12. A service data processing apparatus, comprising:

the first acquisition module is used for calling a camera corresponding to the application client to acquire first image data of a first image acquisition timestamp of the user i if the user i executing the trigger operation belongs to a first type of user in the virtual room; i is a positive integer less than or equal to N, wherein N is the number of users belonging to the first type of user in the virtual room;

a data group sending module, configured to send the service data group to a server corresponding to the application client, so that the server updates the service data group to a service data group set associated with the first type of user, and determines, based on the updated service data group set, a service state diagram for performing anomaly analysis on service states of N users belonging to the first type of user; the updated service data group set comprises service data groups of N users belonging to the first type of users.

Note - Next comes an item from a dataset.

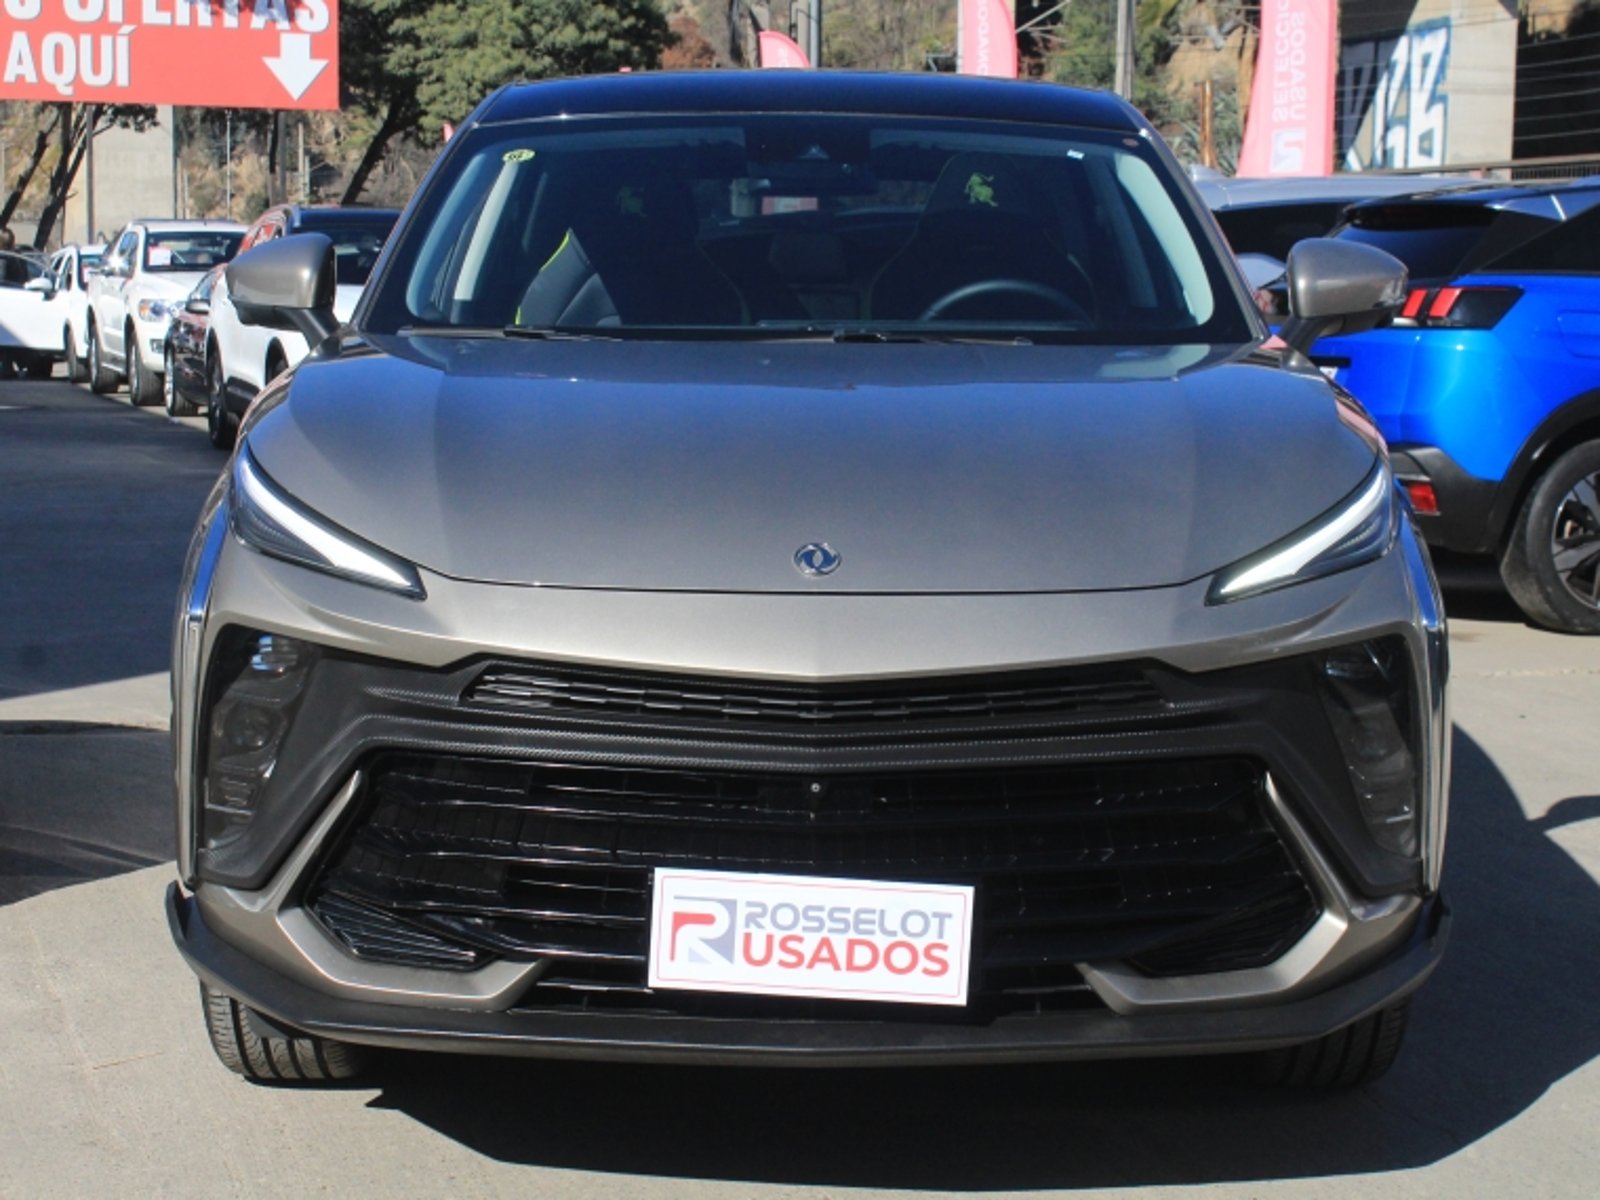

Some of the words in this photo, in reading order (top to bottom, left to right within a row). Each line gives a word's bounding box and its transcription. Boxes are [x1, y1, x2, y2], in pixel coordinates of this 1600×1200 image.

13. A service data processing apparatus, comprising:

the data group acquisition module is used for acquiring a service data group sent by the user terminal through the application client; the user terminal is a terminal corresponding to a user i in a virtual room corresponding to the application client; the user i belongs to a first type of user in the virtual room; the i is a positive integer less than or equal to the N, and the N is the number of users belonging to the first type of users in the virtual room; the service data group comprises a service state of the user i and a first image acquisition timestamp of first image data corresponding to the user i; the first image data is acquired by the user terminal calling a camera corresponding to the application client;

a data set updating module, configured to update the service data set to a service data set associated with the first type of user, so as to obtain an updated service data set; the updated service data group set comprises service data groups of N users belonging to the first type of users;

and a state diagram determining module, configured to determine, based on the service data groups of the N users in the updated service data group set, a service state diagram used for performing anomaly analysis on the service states of the N users belonging to the first type user.

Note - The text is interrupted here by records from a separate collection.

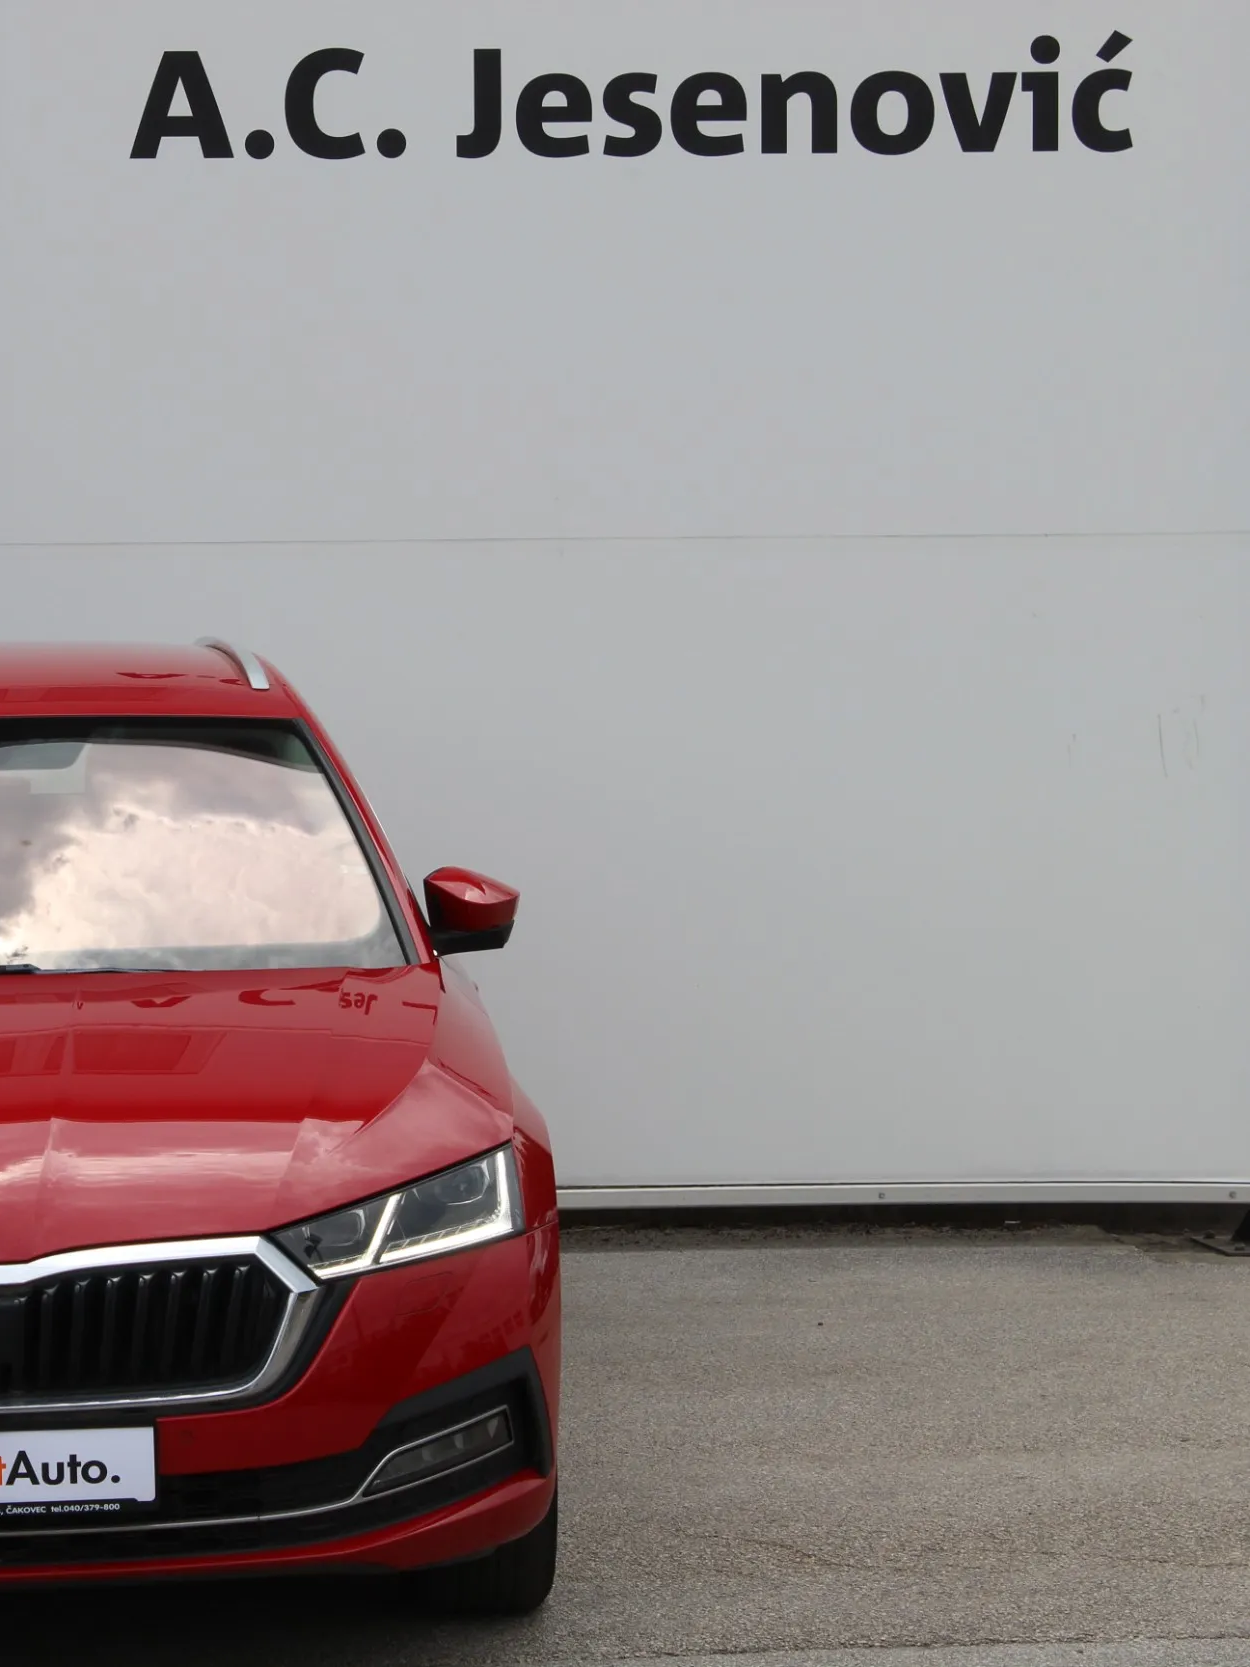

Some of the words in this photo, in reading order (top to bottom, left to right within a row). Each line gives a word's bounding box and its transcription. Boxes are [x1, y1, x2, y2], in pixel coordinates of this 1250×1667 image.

[130, 47, 407, 160] A.C.
[457, 30, 1134, 159] Jesenović
[6, 1504, 47, 1515] ČAKOVEC
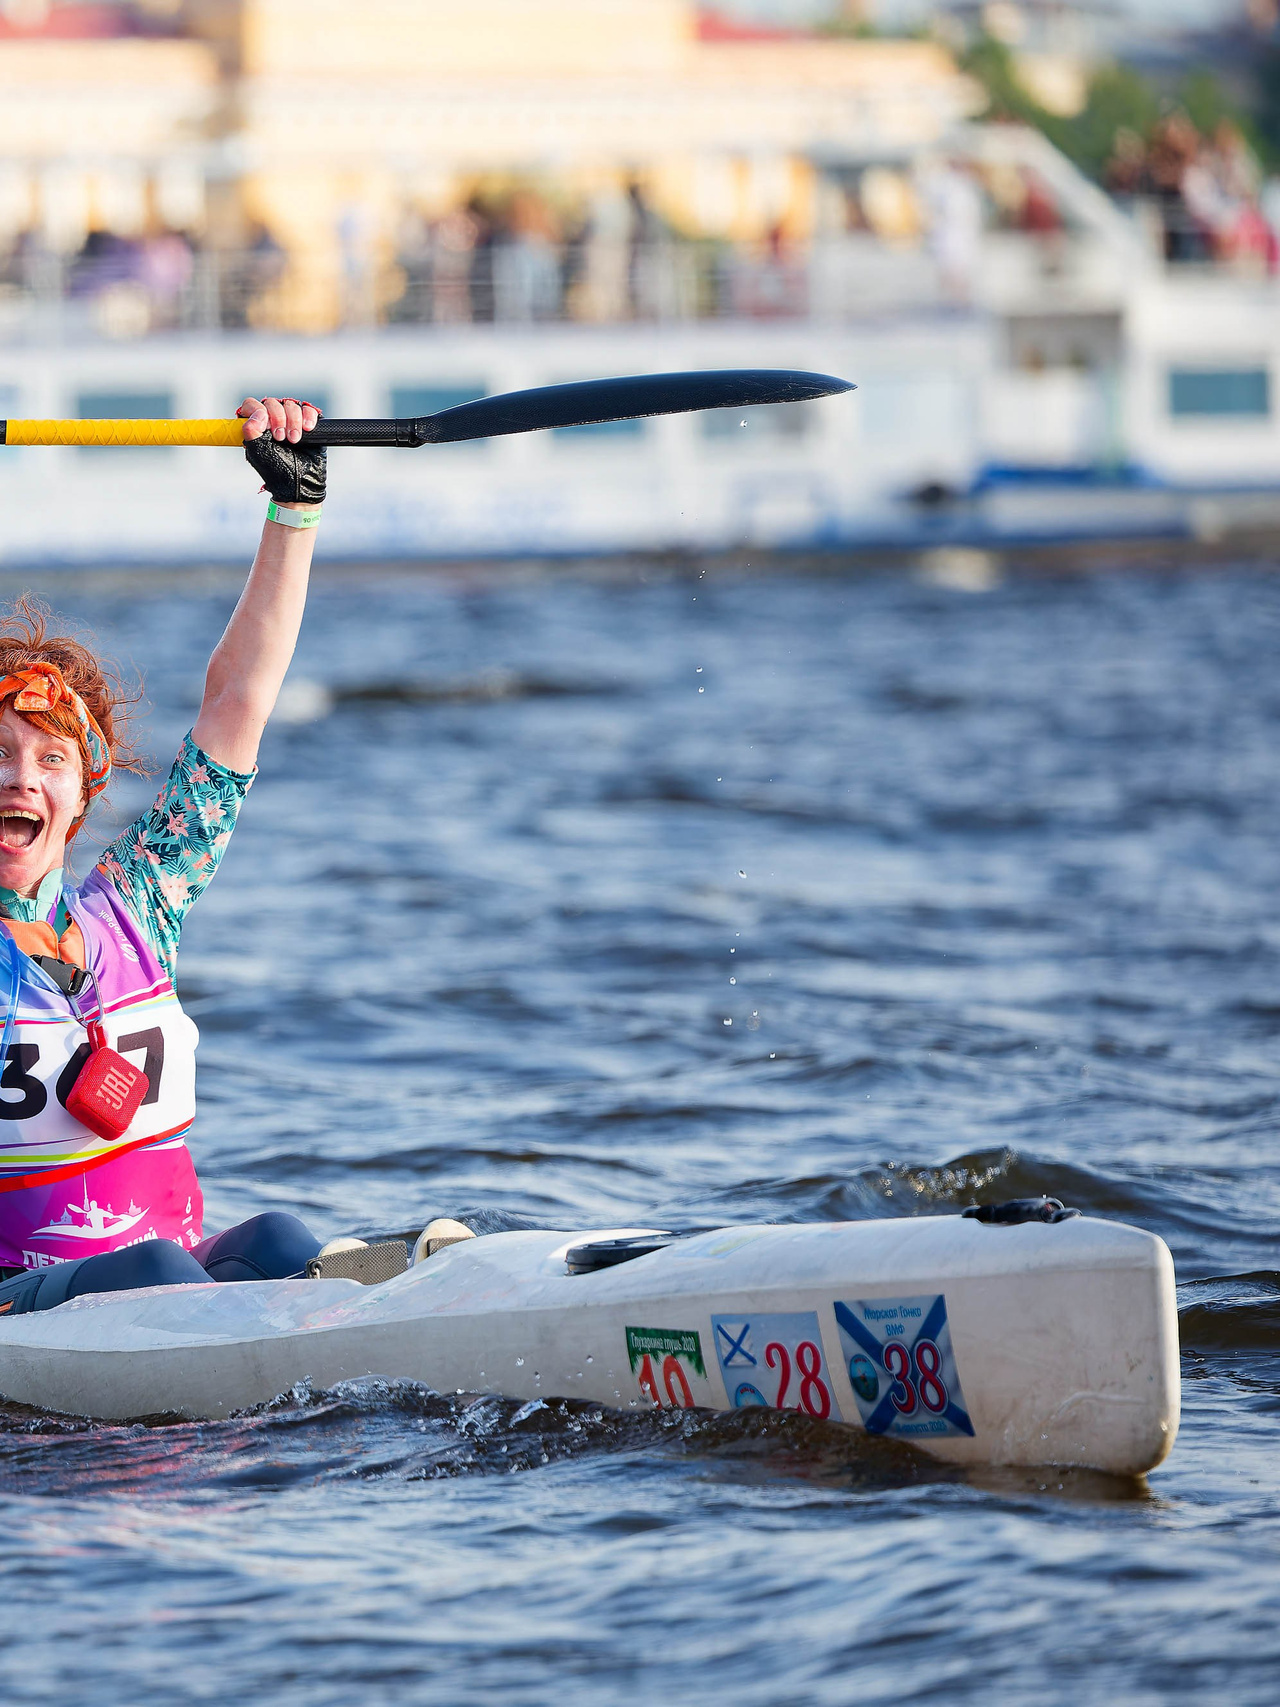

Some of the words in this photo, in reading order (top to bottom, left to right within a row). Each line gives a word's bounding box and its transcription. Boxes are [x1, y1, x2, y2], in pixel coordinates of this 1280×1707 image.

[99, 1066, 137, 1110] JBL
[864, 1307, 898, 1321] Морская
[886, 1323, 905, 1336] ВМФ
[638, 1353, 695, 1409] 10
[765, 1340, 831, 1419] 28
[883, 1340, 949, 1417] 38

14. A computer device, comprising: a processor, a memory, a network interface;

the processor is connected to a memory for providing data communication functions, a network interface for storing a computer program, and a processor for calling the computer program to perform the method of any one of claims 1 to 11.

15. A computer-readable storage medium, characterized in that the computer-readable storage medium stores a computer program comprising program instructions which, when executed by a processor, perform the method of any of claims 1-11.